Hopefully, this will only be for around 70 days. Oh dear lord I hope it's only for that long....

I figure if nothing else, this should score us some MAJOR karma points, right? When I get a moment, I'll have to post a photo of Lindsay's new writing room. Her old one was the library. Her new one is the hall closet...

As of yesterday, we have started querying Lindsay's book and I sent off a few transfer requests, so wish us luck and patience!

Monday, November 2, 2009


Life - 
Man, This year Halloween really snuck up on us! We'd planned to be totally prepped and ready for the Sixth Annual Brain Eaters party by the thirtieth so that we could take the day of off and just kind of goof off. Watch movies, carve pumpkins, what have you. Instead, we found ourselves scrambling up to the last minute, rushing against the clock to finish before guests arrived, dealing with a few dozen trick-or-treaters in the midst.

What is the Brain Eaters? some of you may ask. That is our annual shindig, a party most excellent, most wild, most wicked. It started a few years ago with my roommate Rob and I and we've continued it since, each year getting a bit more elaborate, and sometimes a bit more efficient. We typically get around 20-50 people, this year was no exception, clocking somewhere around forty guests (I'll have to wait until the photos are developed to get a truly accurate count... things have gotten a bit muddled!) It starts around 9 usually, but we actually had guests an hour early, while I was still wandering around in my jeans and bed-head, trying to get things assembled.

A lot of fun again, and as we try to keep it, no drama and with the exception of a close call between my windpipe and some brains, there were no fatalities! Every year we have the same basics; Jello-Vodka brains, Jungle Juice, Lime Punch, Bean Dip, a kitchen for chatting, the front room filled with fog and black light for dancing, a porch for the smokers or people that need a break from the crush of folks, a halloween movie playing in the basement (Though that got no action this year..) Wassail, lots of disposable cameras and me, who has been drinking since noon-ish.

Added this year were a good chunk of glow in the dark webs, courtesy of my new web gun (Speaking of which, if you buy one, buy the UV webs, not the glow in the dark ones, they arent very effective at all) we covered the furniture and the floor of the dance room with white sheets and we blocked in the porch a bit to give some shelter form the cold Idaho wind. 

To be honest, we were pretty sure this year would be the smallest yet, despite attempting to make it our grand finale. There were a lot of sick people, many of our regulars have moved on to families or different towns, my in-laws bailed on us, in fact, up until the day before, we'd considered canceling. Instead, we got slammed with people and actually ended up running out of nearly everything by 1:30 in the morning, the earliest we've ever ended. In fact, we usally have a few liters of juice left and all that remained this year were the dregs. I was pretty surprised. 

I actually felt bad about running out of everything, even the wassail and the punch, the non-alcoholic stuff was gone, and we had a few stragglers show up, but in a way it was kind of nice that the evening was over. Maybe I'm getting too old for this kind of party, or maybe it was the choking fit I'd had at the very beginning of the night, but I'd had a headache a lot of the night and I was looking forward to eating a bit and heading to bed.

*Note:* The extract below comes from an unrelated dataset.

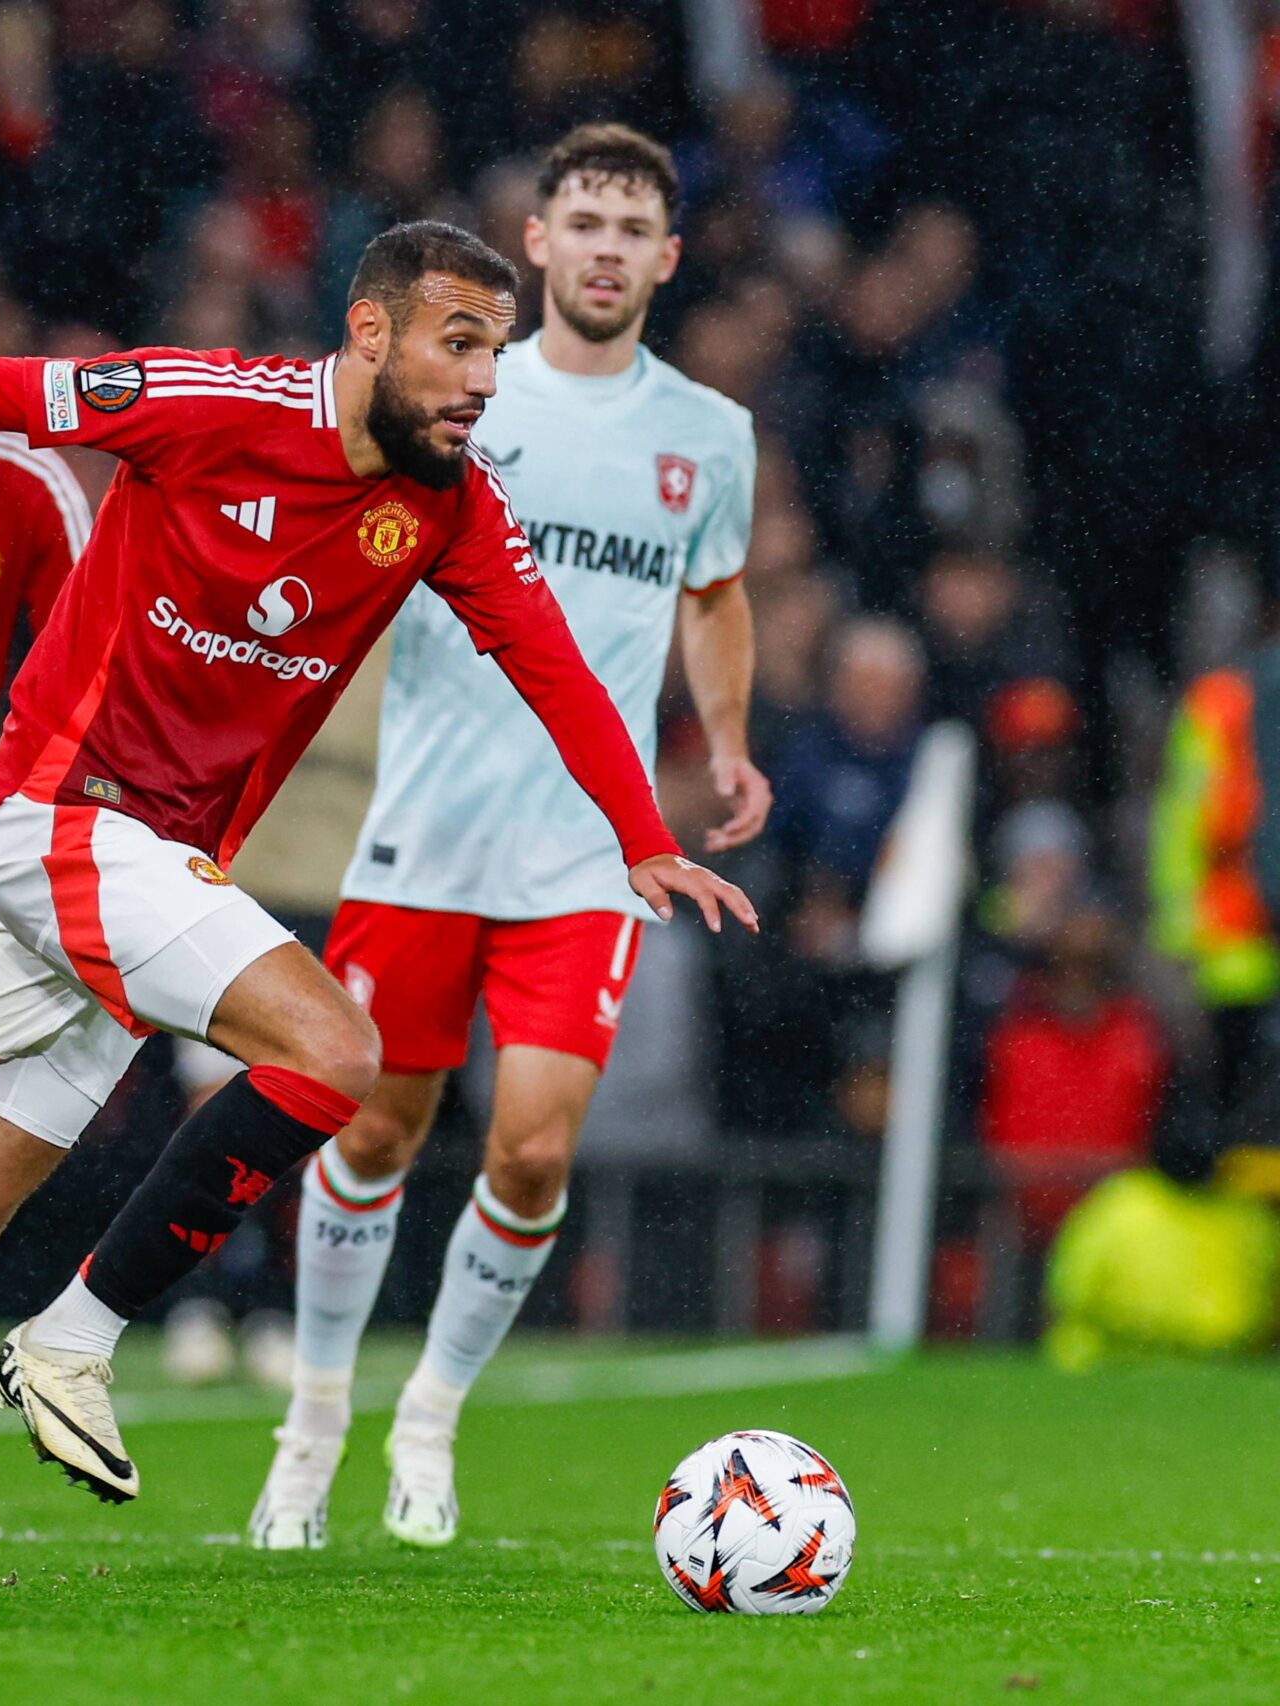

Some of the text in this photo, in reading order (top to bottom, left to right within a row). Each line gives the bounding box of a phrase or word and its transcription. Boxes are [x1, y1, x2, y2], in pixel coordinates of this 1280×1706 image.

All in all, I'd say it was a pretty successful party. I overheard one girl talking on her phone to a friend, with both ends shouting so I could hear the other side too, and when her friend called house parties lame, my guest responded "Then you've never been to this house party!"

This will (Hopefully) be our last Brain Eaters party, and it was good to see it go well. I'll make it a point of posting pics once I get them developed so everyone can get in on the debauchery.